Selbstverständlich greift die solchermaßen methodisch ausgerichtete Analyse nicht überall in gleicher Weise erfolgreich. In der Globalskizze des DDR-Wirtschaftssystems beispielsweise wird zwar den Transaktionskosten und dem Prinzipal-Agent-Problem mehr Bedeutung beigemessen, ohne damit aber über traditionelle Analysen hinaus zu gelangen (S. 112-131). Als empirisch besonders fruchtbar erweist sich der neue Zugriff im Bereich der Unternehmensgeschichte, wie die Beiträge zur dritten Sektion „Das Unternehmen in institutioneller Perspektive“ zeigen. Ohne zu einer „von Details überbordende Beschreibung von Betriebsabläufen oder Marktereignissen“ zu degenerieren, so das treffende Urteil von Kommentator Peter Borscheid, ermöglicht der institutionenökonomische Ansatz in diesem Bereich eine neue Qualität der Realitätsnähe (S. 159).

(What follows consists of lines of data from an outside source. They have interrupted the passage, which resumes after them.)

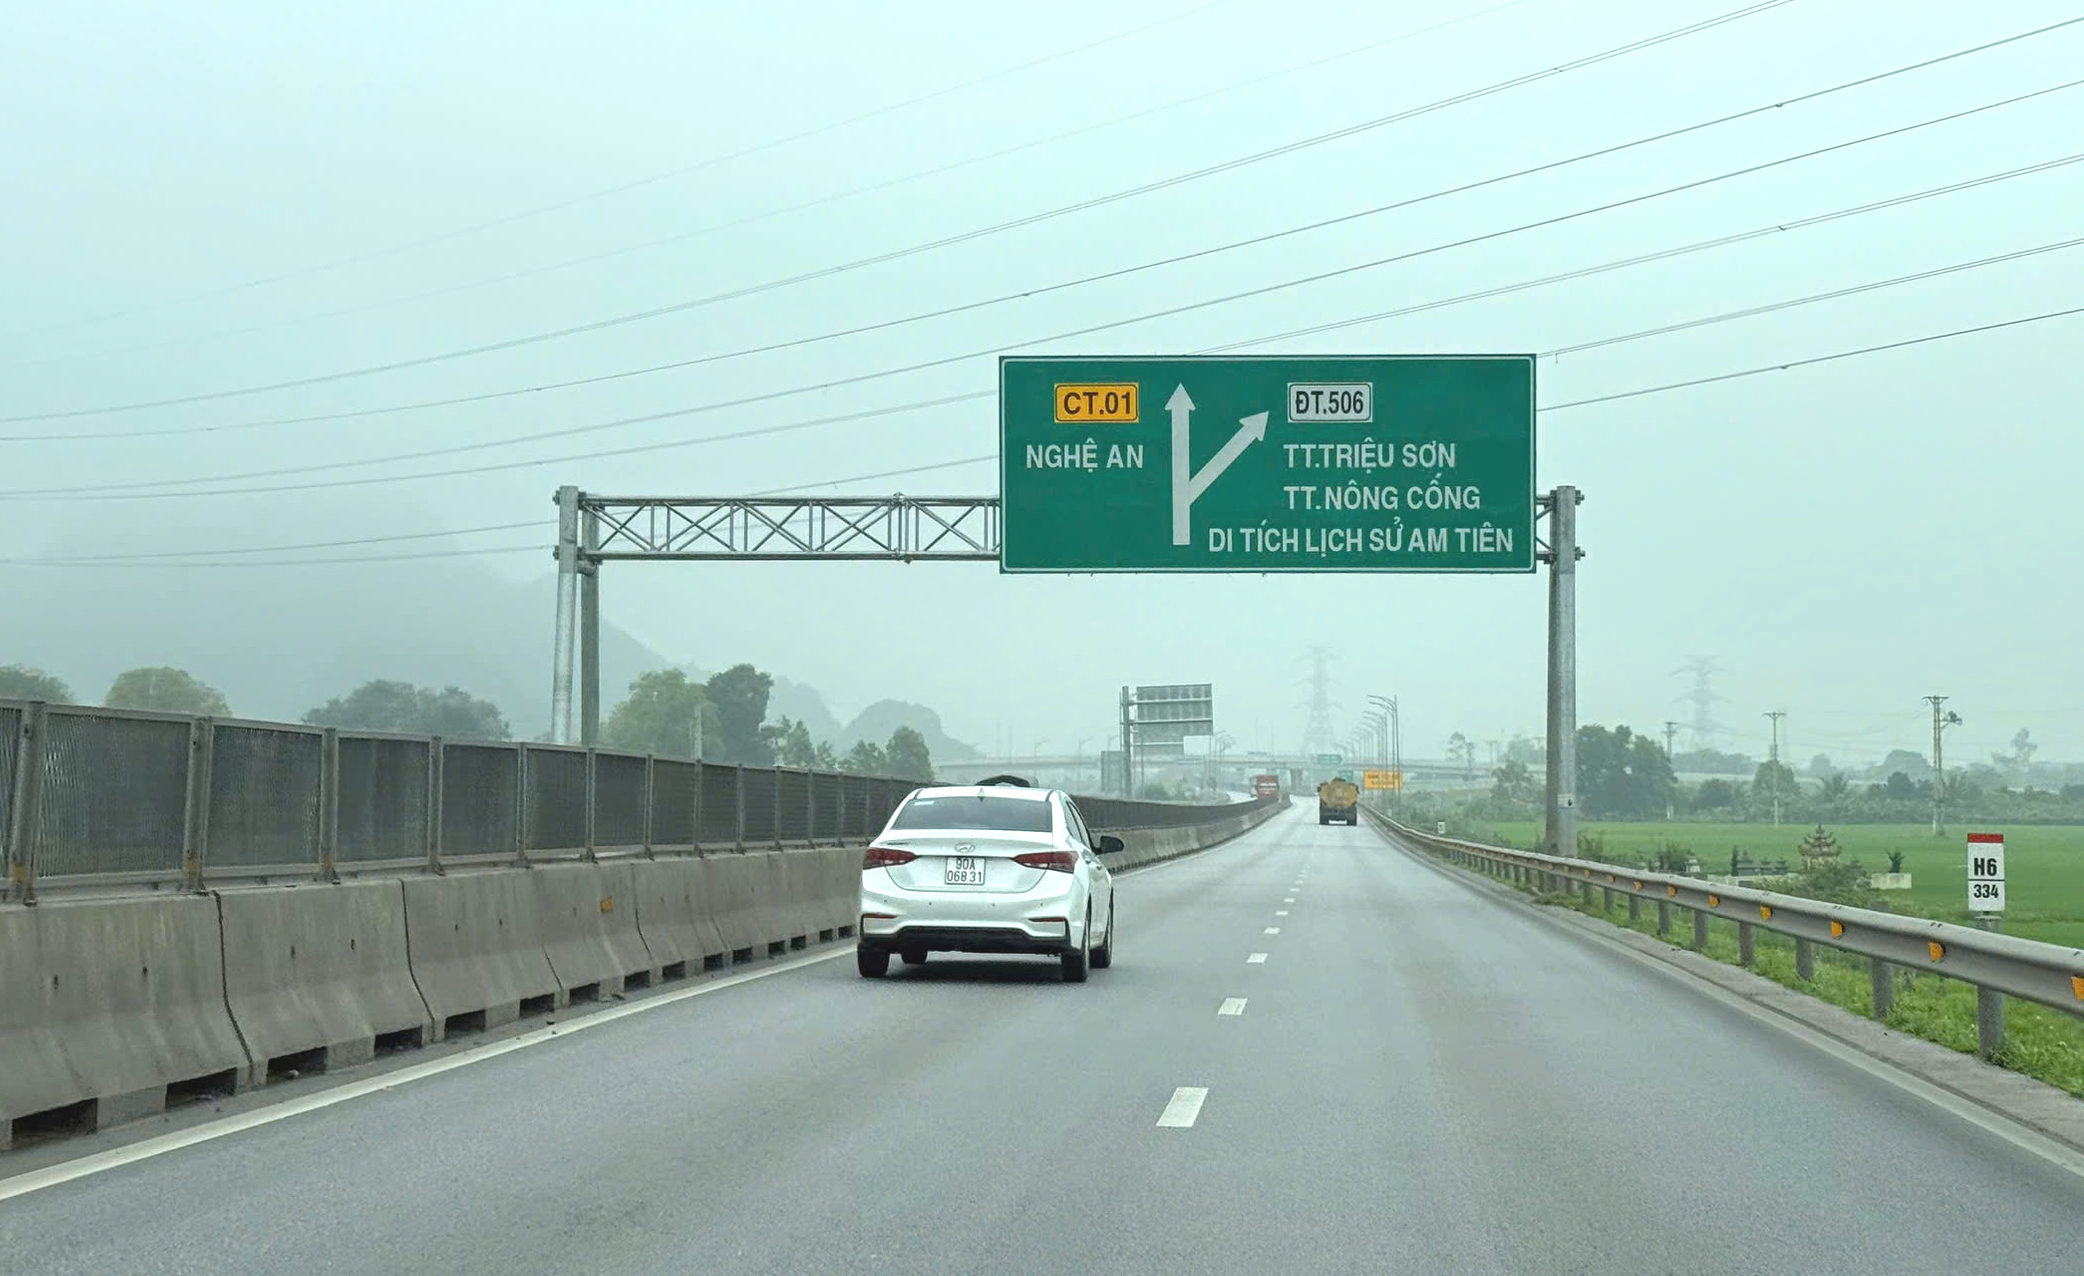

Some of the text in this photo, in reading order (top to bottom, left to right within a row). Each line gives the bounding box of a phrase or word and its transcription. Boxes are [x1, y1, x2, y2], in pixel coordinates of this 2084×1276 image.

[1063, 391, 1131, 415] CT.01
[1295, 390, 1364, 415] ĐT.506
[1026, 437, 1144, 473] NGHỆ AN
[1402, 440, 1456, 468] SƠN
[1406, 473, 1480, 510] CỐNG
[1208, 516, 1513, 558] DI TÍCH LỊCH SỬ AM TIÊN
[956, 857, 975, 870] 90A
[1974, 857, 1997, 876] H6
[1973, 884, 1998, 898] 334

Die Wirtschaftsgeschichte wird kaum Nutzen daraus schöpfen, die Theorieelemente der NIÖ sklavisch auf die von ihr analysierten Vergangenheitsmomente zu übertragen. Die deutsche Rezeption ist, so zeigen die Beispiele des Sammelbandes, weit davon entfernt. Durch die produktive Aneignung ausgewählter Elemente scheint ein Brückenschlag zu den neuen Entwicklungen in der Geschichtswissenschaft möglich. Auf diese Weise lassen sich beispielsweise durch den Transaktionskostenansatz Begriffe wie Vertrauen, Reputation oder Moral in die Sprache der Ökonomie übersetzen, was Forschungen auf beiden Seiten beflügeln kann. Nicht zuletzt nährt sich daraus auch die Hoffnung, die Welskopp in seinem Beitrag angedeutet hat (S. 192). Über eine historisch fundierte Kapitalismusanalyse könnte die Wirtschaftsgeschichte auch bei der Reflexion aktueller ökonomischer Veränderungen gewinnen, was die neoklassische Ökonomie oftmals verloren hat – Relevanz.

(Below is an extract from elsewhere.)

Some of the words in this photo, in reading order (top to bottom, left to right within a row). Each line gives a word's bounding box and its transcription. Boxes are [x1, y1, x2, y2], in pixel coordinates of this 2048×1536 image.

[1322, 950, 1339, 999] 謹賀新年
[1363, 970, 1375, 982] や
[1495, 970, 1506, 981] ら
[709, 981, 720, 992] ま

Postscriptum: Auch wenn der wissenschaftliche Duktus, wie er von einer (falsch verstandenen) Objektivitätsfassade geprägt ist, dieses manchmal suggeriert, schreiben sich Bücher nicht von selbst. Hinter den Publikationen stehen Menschen und Schicksale. Anne Nieberding, die Mitautorin des besprochenen Bandes „Die institutionelle Revolution“, ist im Sommer 2004 auf Grund einer Krankheit im Alter von 34 Jahren verstorben. Ihr Tod hinterlässt nicht nur in ihrer Familie und unter ihren Angehörigen eine tiefe Lücke.

Anmerkungen:
1 Vgl. Pohl, Hans, Wirtschafts- und Sozialgeschichte – Neue Wege? Zum wissenschaftlichen Standort des Fachs, in: Vierteljahrschrift für Sozial- und Wirtschaftsgeschichte 82,3 (1995), S. 387.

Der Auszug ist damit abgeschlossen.